Re: Out of Memory 2.
by BrowserUk (Patriarch) on Oct 25, 2008 at 23:40 UTC

    You are running out of memory because your program requires more virtual memory to complete, than your computer is capable of supplying!

    At byte offset 113864 of your equation (the original, fully expanded one with numeric symbols):

    ...,15618,+,15619,+,15620,15621,15622,+,x,+,x,+,x,+,x,15623,15624,1562 +5,... 113864..............................................^

    Where (using my best yet compression technique described below), your equation calls for the multiplication of two additive (+) terms containing 22665 & 186 subterms respectively resulting in a subterm containing 3.8 million terms.

    This subterm is next used at offset 113952:

    ...,x,15630,x,15631,x,15632,x,15633,x,+,x,+,x 113952..................................^

    where it is multiplied by another with 6 terms to produce a resultant containing 22,846,320 (+)terms. But, at the point where this caclulation starts, even with compression and token cache substitutions, the process is already consuming 1.7GB!

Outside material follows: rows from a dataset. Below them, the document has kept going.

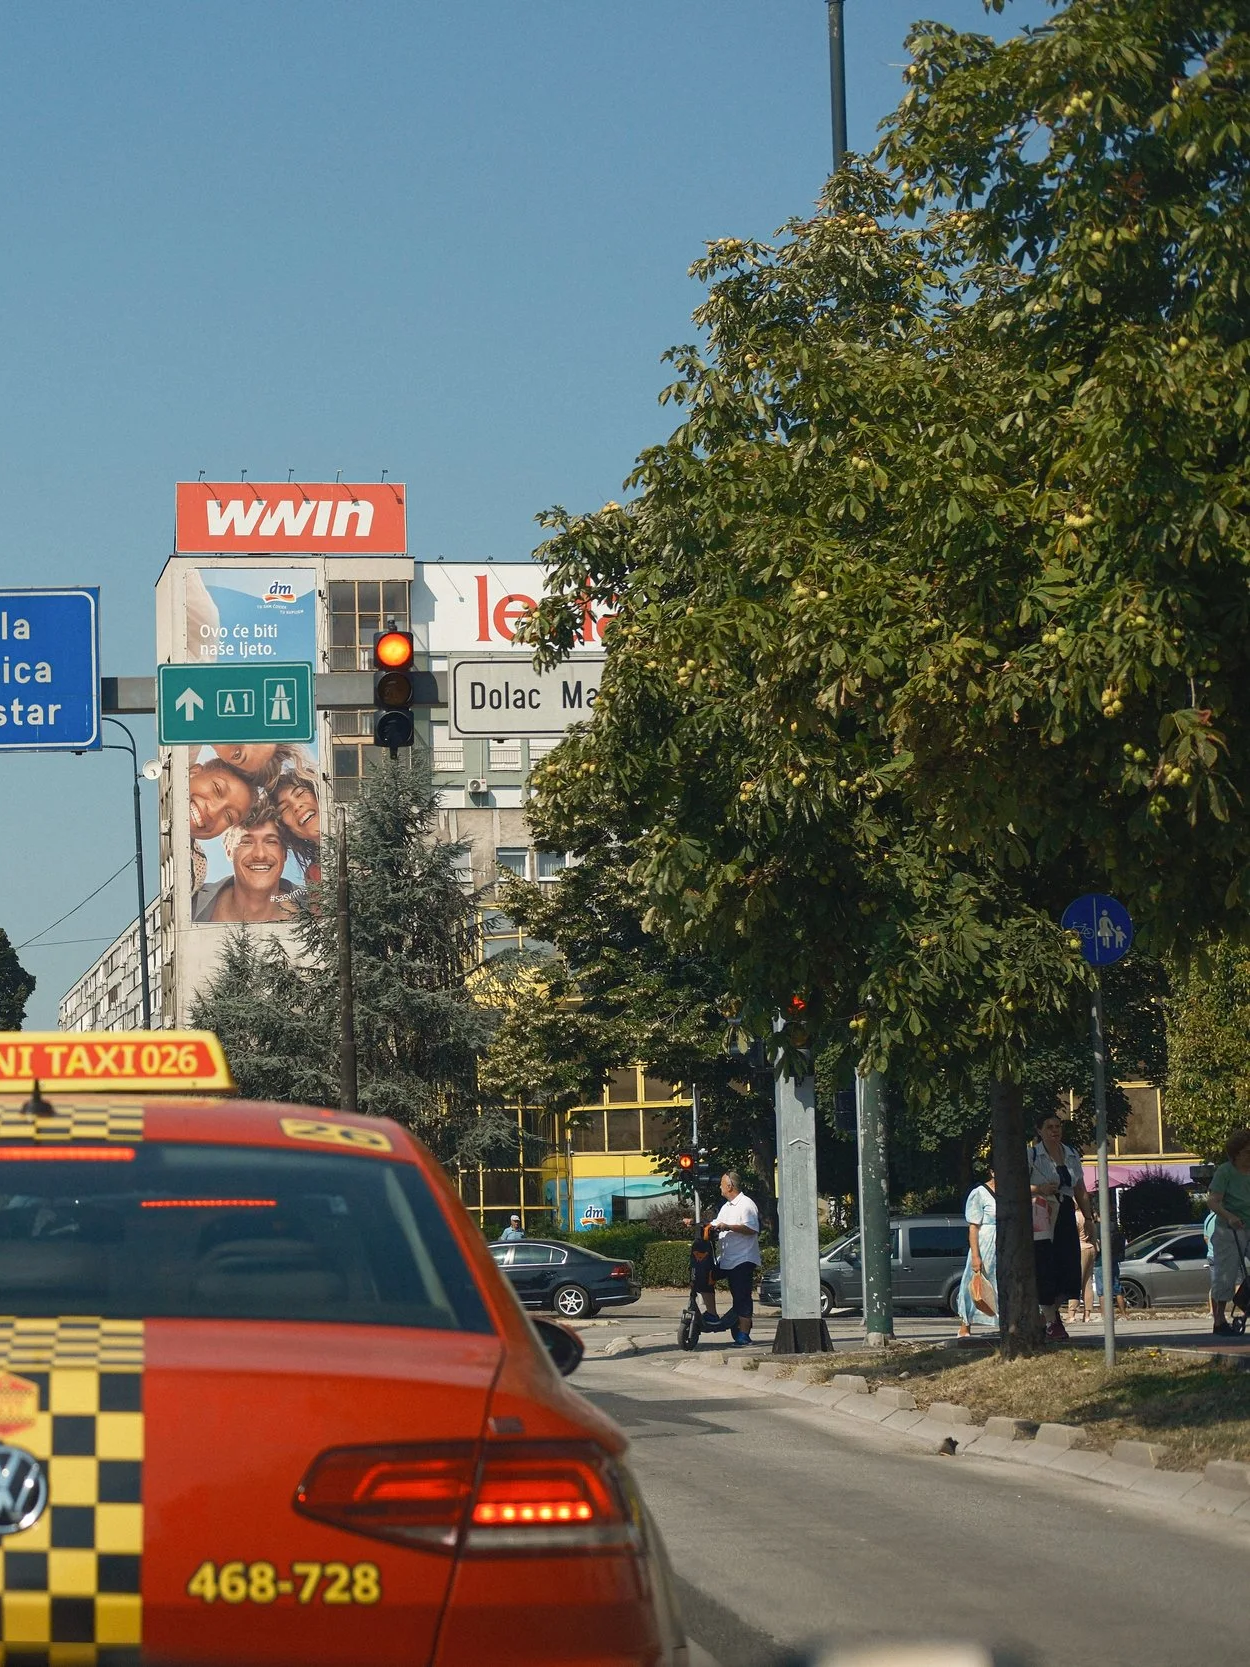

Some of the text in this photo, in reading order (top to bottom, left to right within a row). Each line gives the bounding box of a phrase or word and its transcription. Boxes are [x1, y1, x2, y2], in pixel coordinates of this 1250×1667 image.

[269, 582, 292, 595] dm
[199, 623, 278, 638] Ovo će biti
[200, 641, 277, 659] naše ljeto.
[470, 681, 541, 710] Dolac
[45, 1044, 137, 1077] TAXI
[140, 1043, 199, 1076] 026
[585, 1205, 603, 1218] dm
[187, 1561, 381, 1604] 468-728
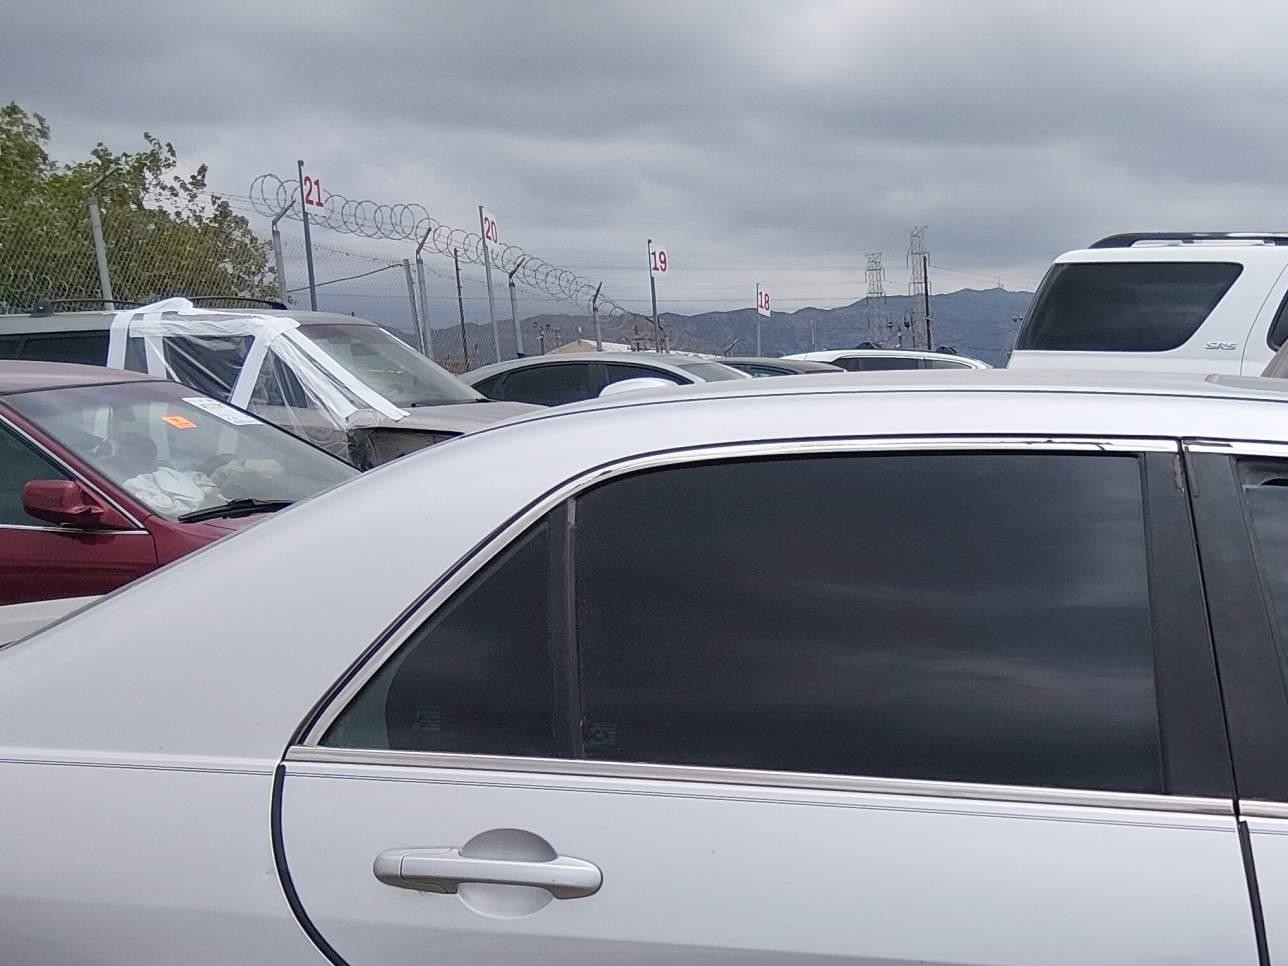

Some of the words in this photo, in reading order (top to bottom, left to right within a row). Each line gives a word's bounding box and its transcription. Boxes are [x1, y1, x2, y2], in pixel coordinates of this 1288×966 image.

[303, 175, 324, 208] 21
[483, 216, 498, 244] 20
[651, 250, 667, 272] 19
[758, 291, 770, 311] 18

    I estimate that it would require at least 6GB to complete that expansion. And there are two more to go! Obviously, with 32-bit machines being limited to (at most) 3GB of virtual memory per process, this is not going to work.

    My DB/SQL skills are more dormant than real at this stage, but I do not see any easy (or hard) way of using a DB for this. Maybe if you re-described the operation of your postfix expression evaluator, someone with greater DB foo than me could see a way to approach this. I do not expect it would be very fast though.

    Other solutions

    One possibility is to move your application to a well specified 64-bit machine with say 8GB of ram.

    Another it to start caching the intermediate terms to disk. Besides being very slow, the more I think about this, the harder it gets. Essentially you would have to load the smaller of the next two terms from a disk based stack(??How to implement??), into memory, break it to its subterms, and then read the larger in, subterm by subterm, and output the result back to disk on the fly. Distinctly non-trivial.

    The final possibility that I see, and have been pursuing as time permitted, is to find a more aggressive compression strategy than I have been using till now.

    Compresion strategy: token caching

    Any subterm of of a subequation like 1,2,3,4,5,6+1,2,3,4,5,6,7,8,9+7,8,9 can be reduced (in size) by caching the common subsequences of multiplicative terms and subtituting a symbol. So the above caches 1,2,3,4,5,6 and assigns symbol A; caches 7,8,9 as B; and the result becomes A+A,B+B. And the multiplicative terms A,B can in turn be cached and C substituted.

    Once the calculation is complete, these substitutions can be (recursively) expanded on-the-fly as the result is written to disk.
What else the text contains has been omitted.